Angela en doutait. Les fan­tômes avaient déjà du mal à appa­raître de manière éthérée, alors ren­vers­er des meubles ? C’était plutôt un truc de félin, ça.

— Vous me mon­trez la chambre ?

— Bien sûr.

Angela attra­pa sa sacoche et se leva, puis suiv­it madame Petit. La cham­bre de celle-ci était dans un désor­dre qui tran­chait avec le reste de l’appartement. Une table de chevet était à terre, il y avait du verre brisé au sol et sur le lit, l’armoire était ouverte et une par­tie de son con­tenu — essen­tielle­ment des cou­ver­tures — avait été pro­jetée à l’autre bout de la pièce.

Angela devait l’admettre, si c’était le chat qui avait fait ça, il devait être sacré­ment énervé. Ou à la pour­suite d’une souris. Pas impos­si­ble, mais elle com­mençait à se deman­der si le chat blanc qu’elle avait vu dans le salon ne lui sem­blait pas un peu paresseux pour faire l’affaire.

— Je n’ai touché à rien, expli­qua madame Petit. Je me suis dit que c’était mieux.

Angela hocha la tête et ouvrit sa sacoche, afin de procéder à quelques mesures qui mon­tr­eraient à la vieille dame qu’elle n’avait rien à craindre.

— Vous avez fait des cauchemars ? deman­da-t-elle. Des rêves étranges ?
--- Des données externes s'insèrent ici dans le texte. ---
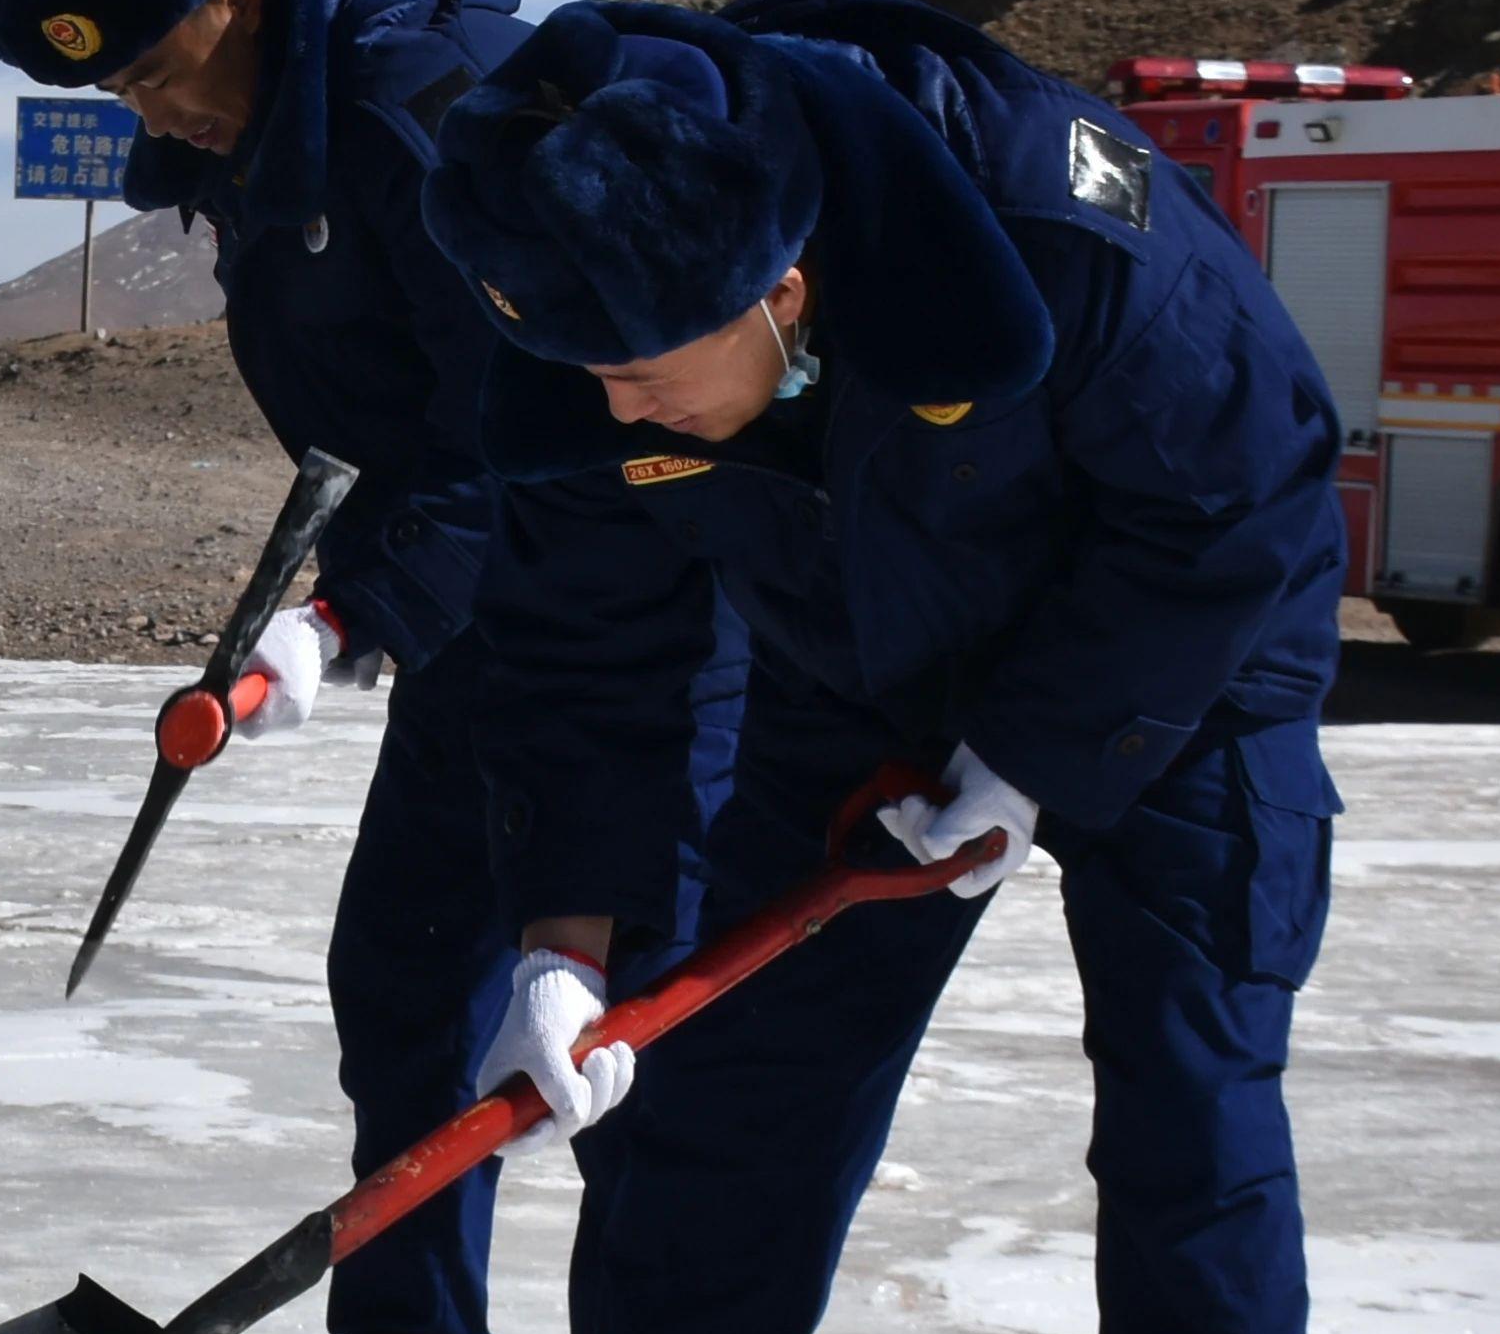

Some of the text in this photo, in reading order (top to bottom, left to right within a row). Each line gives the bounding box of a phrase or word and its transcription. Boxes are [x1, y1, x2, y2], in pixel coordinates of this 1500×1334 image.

— Non, répon­dit madame Petit. Je ne me sou­viens jamais de mes rêves.

Prob­a­ble­ment pas un fan­tôme, déci­da Angela en sor­tant un détecteur thau­maturgique de la sacoche. La chose s’apparentait beau­coup à un comp­teur Geiger, sauf qu’il per­me­t­tait de mesur­er le champ éthérique et non pas la radioac­tiv­ité. Comme l’évènement que lui avait racon­té madame Petit n’avait eu lieu qu’un peu plus tôt dans la journée, il y aurait encore un effet mesurable. À con­di­tion, évidem­ment, que quelque chose de sur­na­turel en ait été la cause.

Angela fronça les sour­cils en regar­dant le comp­teur, et réini­tial­isa l’appareil pour être sûre qu’il n’y avait pas un souci. Le petit écran LCD per­sis­tait pour­tant à affich­er la même chose : la cham­bre de madame Petit avait un champ mag­ique vingt fois supérieur à la normale.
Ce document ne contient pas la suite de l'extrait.